Protecting Children From Furniture Tipovers

By: Sheila Gallien

As parents, we put our all into making our homes safe for our children. We keep chemicals and medicines out of reach, place locks and covers on cabinets, toilet lids, and electrical outlets. We are careful about everything, and every one, that comes into our home. Yet despite our best efforts, some dangers remain.

Recent tragedies and the resulting recalls of products manufactured for children have made us look hard at everything our children touch. In an effort to protect my own child, I have been scouring recall lists and other safety information. Along the way, I made a shocking discovery. One of the top hidden dangers for children is something we all have in our homes: furniture. In fact, furniture tipovers are #3 on the list of hidden dangers for children according to the Consumer Product Safety Commission, right behind magnets and recalled toys.

While numbers vary according to the reporting agency, each year thousands of people are injured from falling furniture. Many of these injuries are sustained by children; some of them fatal. For a truly heartbreaking story, visit the Lambert family's website. The Lamberts lost their beautiful daughter when a wardrobe fell on her in her bedroom. In her memory the family has launched a website

and a campaign to educate the public about the dangers of furniture tipovers.

As the mother of an active 2-year-old, I know how fast things can go wrong. The doorbell rings, the pot boils over, the buzzer on the dryer beckons, and the child who was playing quietly when I left the room might be climbing the bookshelf when I return. Most tipover accidents occur, in fact, when a child is alone.
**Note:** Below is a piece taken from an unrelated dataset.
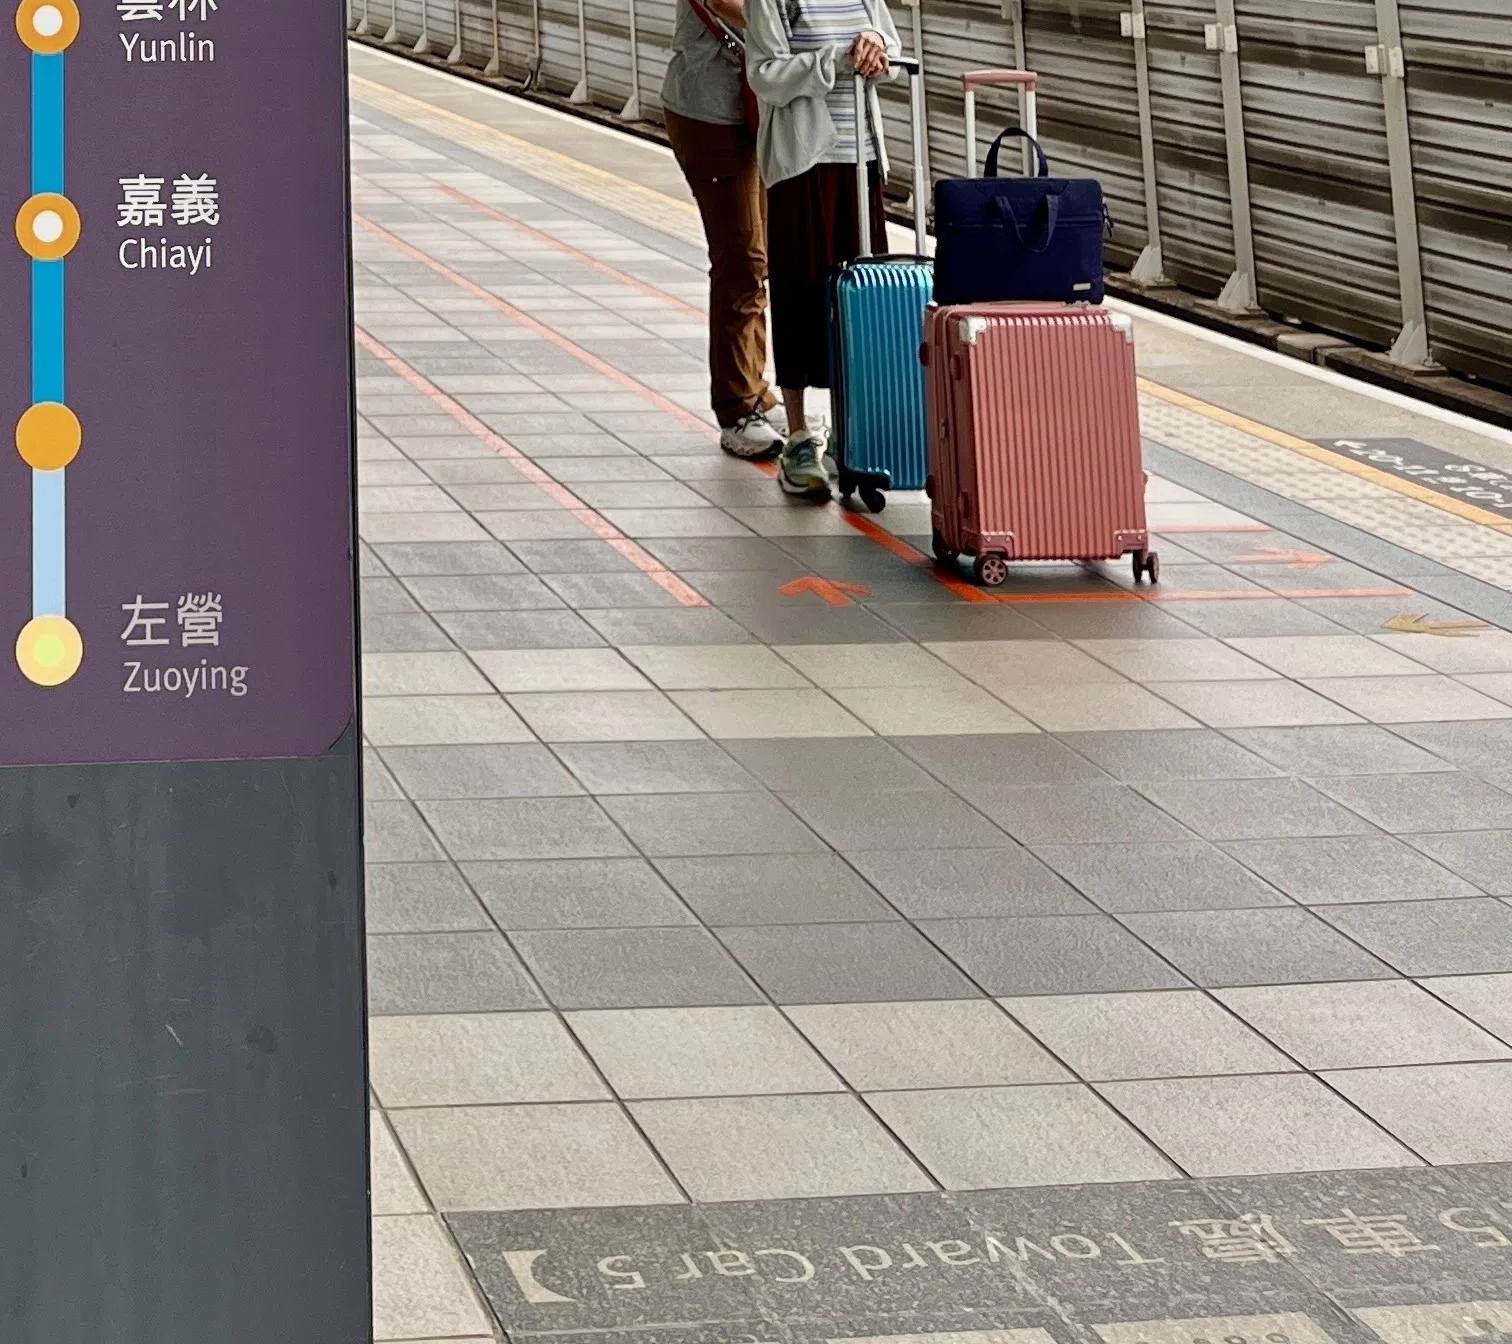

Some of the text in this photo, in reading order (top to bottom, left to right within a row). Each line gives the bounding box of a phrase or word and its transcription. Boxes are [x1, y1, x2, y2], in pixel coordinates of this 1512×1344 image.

But we know it is impossible to watch a child every second of the day, and children need places in the home where they are completely safe, even alone, for a few moments. Home is their haven, the place to explore and experience their first taste of independence.

The Lamberts have lobbied congress to put warnings on furniture that could easily tip over on a child. But warnings notwithstanding, only parents can make sure our children are safe from harm. While there is no way to eliminate every danger a child faces, below are a few tips to help make your home and furnishings as safe as possible.

TVs: TVs are interesting, awkward, and heavy, perfect candidates for little climbers. Make sure you place them low to the ground on a stable piece of furniture. And never put remote controls, favorite DVDs, or anything else that might tempt a child on top of the TV.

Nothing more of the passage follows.